Mindfulness meditation can be a powerful tool for learning to accept uncertainty. Simply sitting and feeling your breath — the interplay between long and short inhalations and exhalations — reveals life’s mercurial essence. And noticing habitual thoughts helps you choose how you’ll respond to them. By cultivating an alert but passive attitude in meditation, you can begin, breath by breath and thought by thought, to relinquish the need to control life — and taste the profound peace that comes with letting go.

Studies: metta (loving-kindness) meditation eases symptoms of schizophrenia

What if something as simple as well-wishing could lessen symptoms of schizophrenia?

I listened to a talk the other day by a Buddhist monk who teaches meditation in the West. He told a story suggesting just that.

The monk said that when a woman with schizophrenia came to him to learn intensive mindfulness meditation, she quickly destabilized. Something about focusing deeply on her breath, her body, her thoughts and feelings made her psychotic. She had to stop meditating and take more medication.

(NOTE: people with schizophrenia are known to have become acutely psychotic on intensive meditation retreats. Read more here.)

The monk told the woman she should give up learning to meditate. But she refused. She was committed to the practice, convinced it could help her.

So she kept trying, with the same results.

Image from Flickr

Then the monk had an idea. He told the woman to abandon mindfulness practice. Instead she sat quietly and thought to herself,

May I feel safe and protected from harm.
May I feel happy.
May I feel strong and free from pain.
May I feel at ease.

She repeated these phrases again and again, wishing herself well.

May I feel safe and protected from harm.
May I feel happy.
May I feel strong and free from pain.
May I feel at ease.

Then, slowly, she began extending those wishes to others — first to someone for whom she felt uncomplicated affection. Then to someone she’d seen before, but didn’t know. Then to someone she’d fought with. And finally to all people.

May you feel safe and protected from harm.
May you feel happy.
May you feel strong and free from pain.
May you feel at ease.

This is metta meditation, also called loving-kindness. It develops concentration in the gentlest of ways. You don’t work to focus on your breath, risking frustration or even self-hatred when your attention strays. You simply cultivate goodwill.

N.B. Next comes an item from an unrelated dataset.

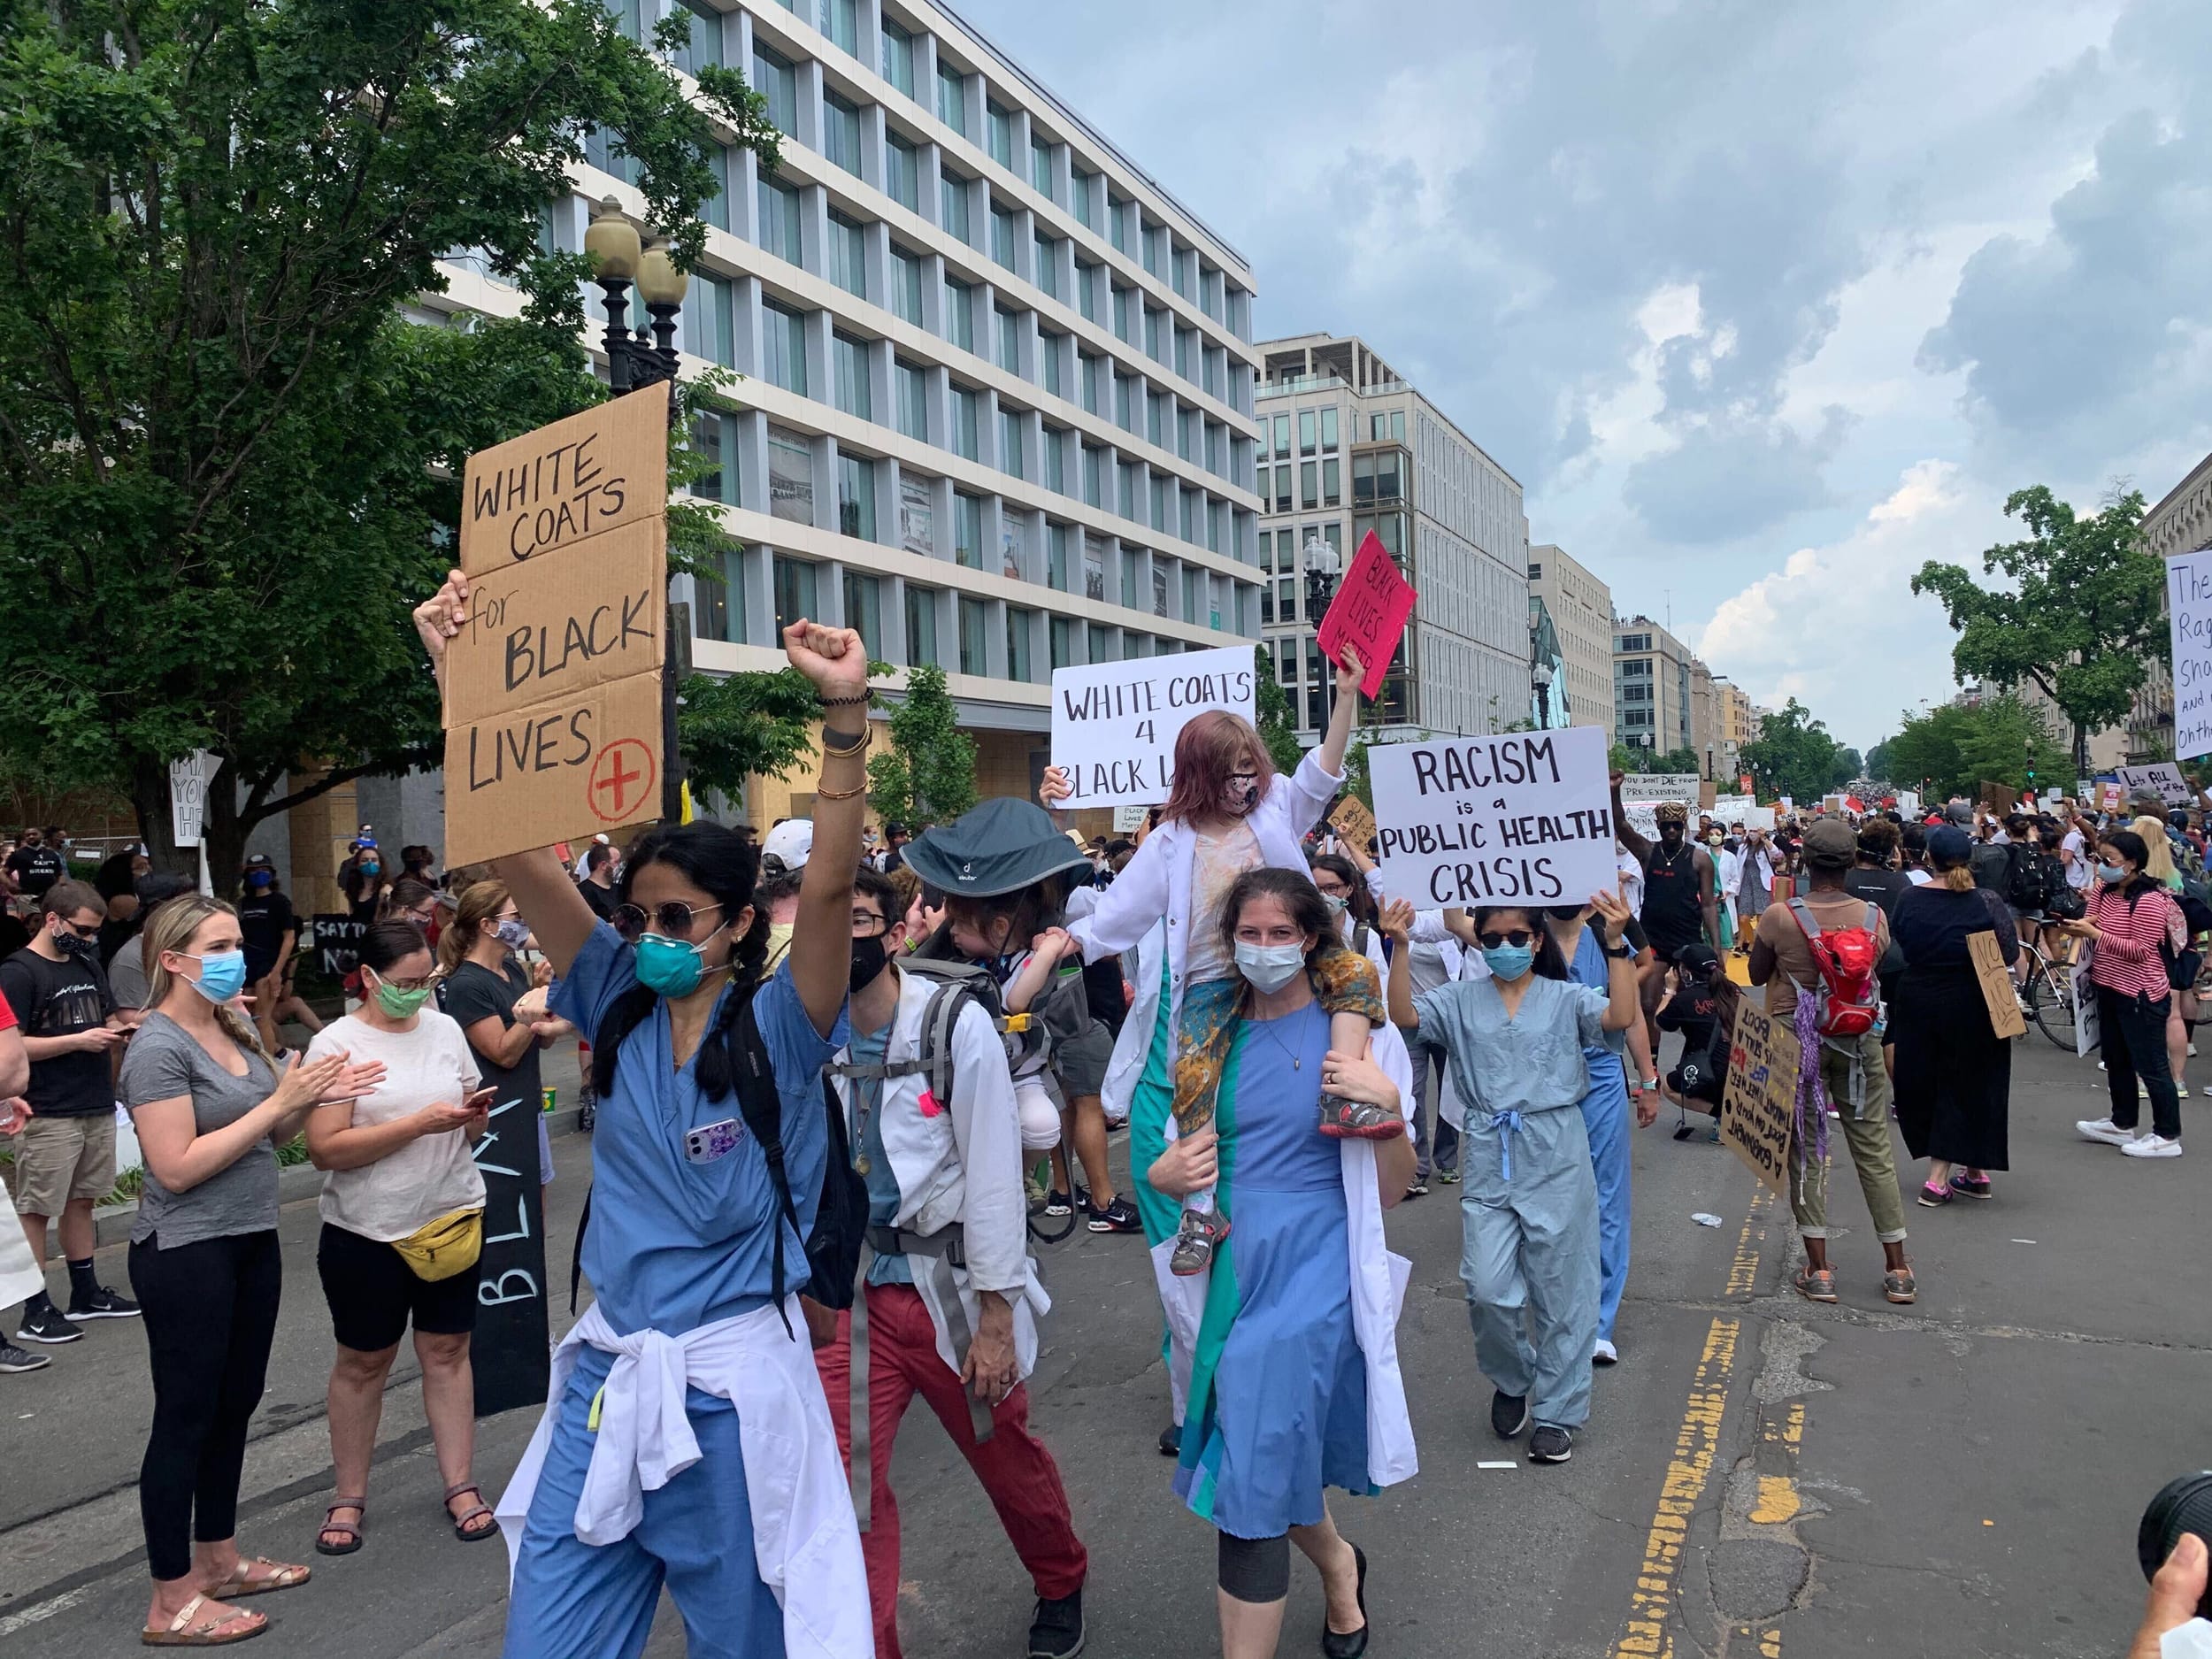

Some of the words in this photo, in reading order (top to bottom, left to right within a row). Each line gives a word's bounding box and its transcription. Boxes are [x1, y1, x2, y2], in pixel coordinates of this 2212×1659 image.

And something about that switch changed everything for this woman. She could now meditate safely for long periods. What’s more, after years of metta practice, she again tried intensive mindfulness meditation. Now she could do it without becoming psychotic.

Does this make loving-kindness a cure-all for schizophrenia? Certainly not. But it does suggest metta practice initiated some profound changes in this woman’s brain.

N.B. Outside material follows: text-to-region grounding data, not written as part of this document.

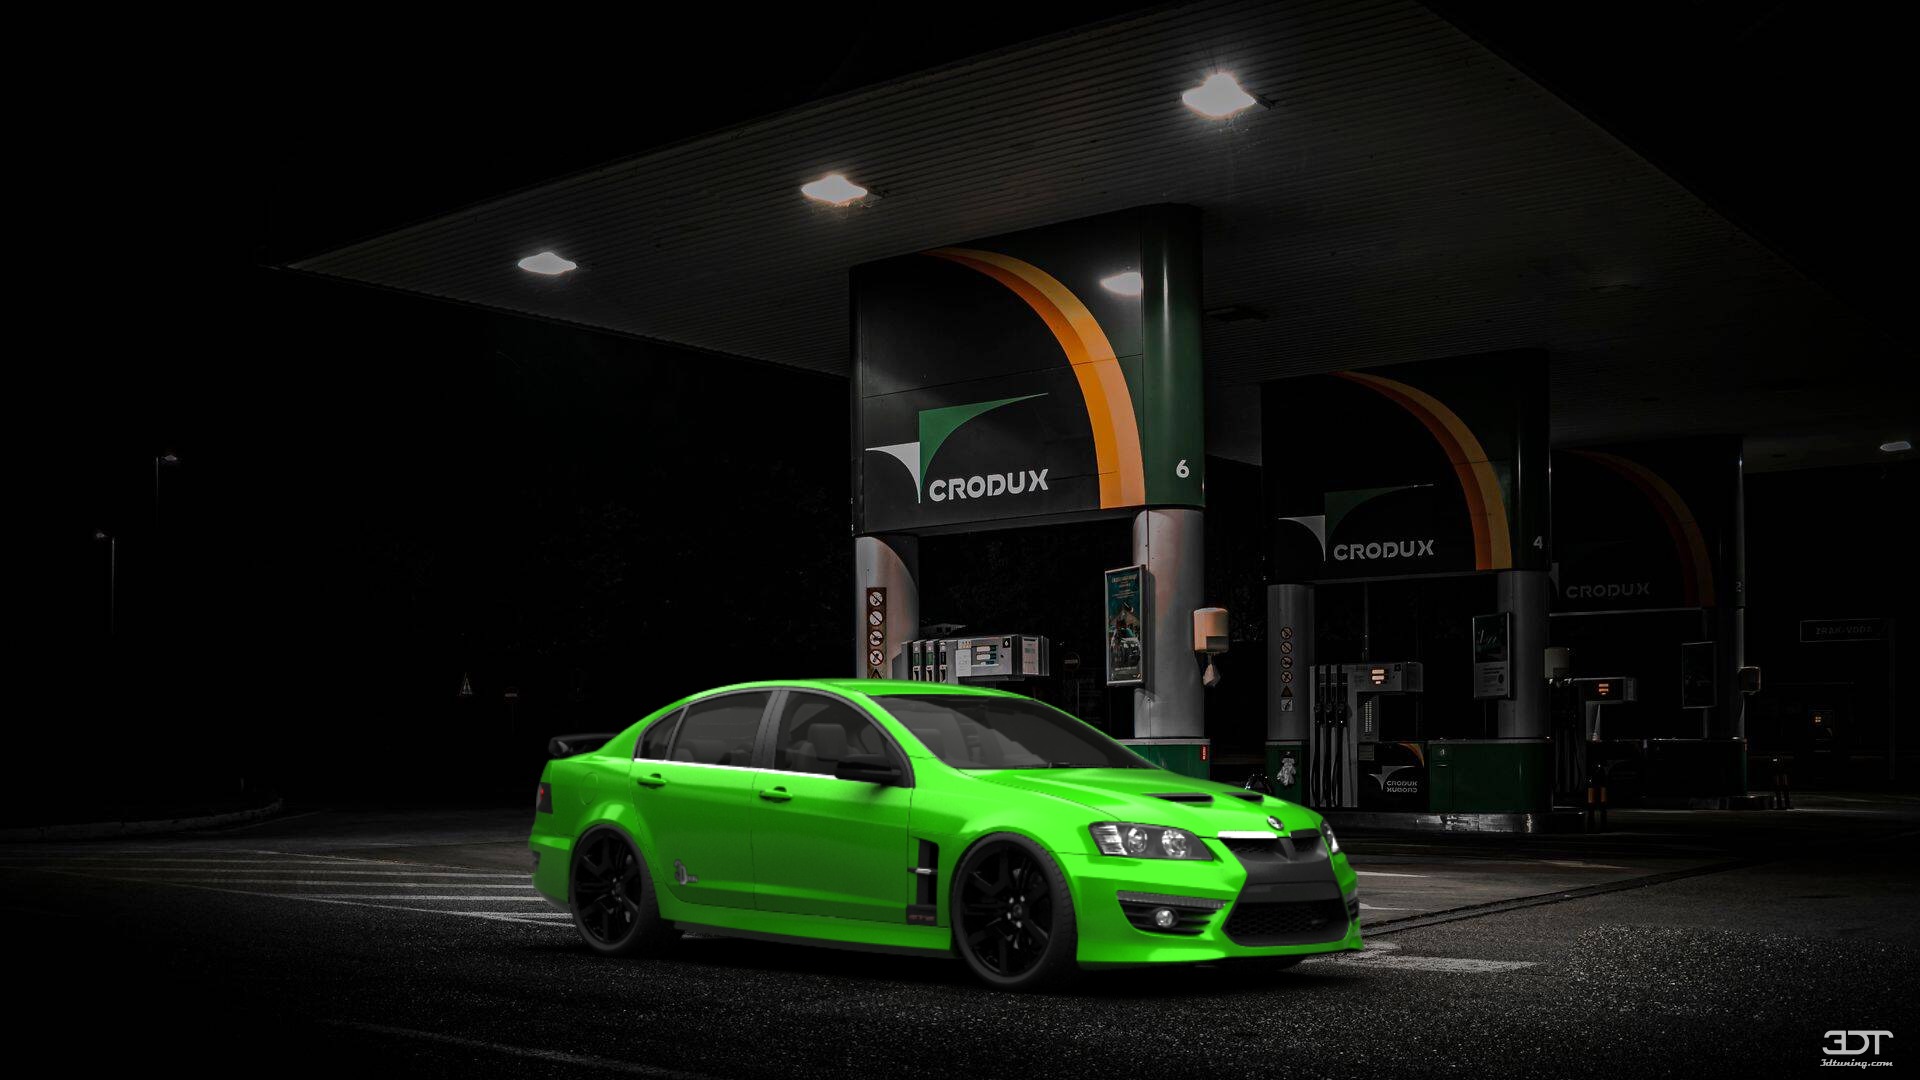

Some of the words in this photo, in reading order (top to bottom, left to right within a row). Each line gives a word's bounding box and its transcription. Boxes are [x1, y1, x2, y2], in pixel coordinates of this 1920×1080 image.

[1176, 459, 1190, 478] 6
[929, 469, 1049, 502] CRODUX
[1333, 539, 1434, 561] CRODUX
[1532, 535, 1544, 550] 4
[1565, 582, 1650, 599] CRODUX

Studies support that idea. In 2008, researchers at the University of Wisconsin-Madison used brain imaging to show that people without mental illness who practiced loving-kindness had increased activity in the insula, a part of the brain that helps detect the body’s response to emotion, and in the right temporoparietal junction, which helps people feel empathy and perceive others’ thoughts and emotions as separate from their own.

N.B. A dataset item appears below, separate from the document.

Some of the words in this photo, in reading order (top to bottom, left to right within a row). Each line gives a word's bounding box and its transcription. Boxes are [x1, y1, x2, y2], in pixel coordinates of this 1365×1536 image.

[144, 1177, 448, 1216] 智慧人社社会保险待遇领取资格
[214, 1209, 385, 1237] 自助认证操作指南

These brain regions are affected in people with schizophrenia. Researchers have proposed that insular dysfunction may contribute to schizophrenic hallucinations, and multiple studies have found that people with schizophrenia can have decreased activity in the right temporoparietal juncture, which may contribute to difficulty interacting socially.

Clinicians have now begun studying metta to treat schizophrenia. In a pilot study published last July, 18 outpatients with schizophrenia-spectrum disorders showed marked increases in positive emotions, empathy, and the ability to experience pleasure after six weeks of loving-kindness practice. In another article, the same clinicians reported that loving-kindness helped some patients strengthen their ability to pay attention to the present. As a result, they were able to enjoy feeling the wind on their faces when cycling and use mindful breathing to calm themselves when they had hallucinations.

I’ll never meet that woman; she persevered with metta practice long before researchers began studying its potential to help her. But I’m inspired by her story. Her fearlessness and persistence paid off. She forged her own path to freedom.

Surviving the holidays when you’re grieving, stressed or living with mental illness

The holiday season is in full swing as I write this. Lights glitter from windows and rooftops. Parties abound. And when I stopped at the mall for coffee last Sunday, I thought I’d be overrun by throngs of irritable shoppers.

Image from Chicagonow.com

We all know the holidays can be stressful. Social and financial obligations pile up just when the days (in the northern hemisphere) are at their shortest and darkest. Meanwhile, we’re inundated with holiday carols and advertisements telling us we should be rich, beautiful, in love and deliriously happy.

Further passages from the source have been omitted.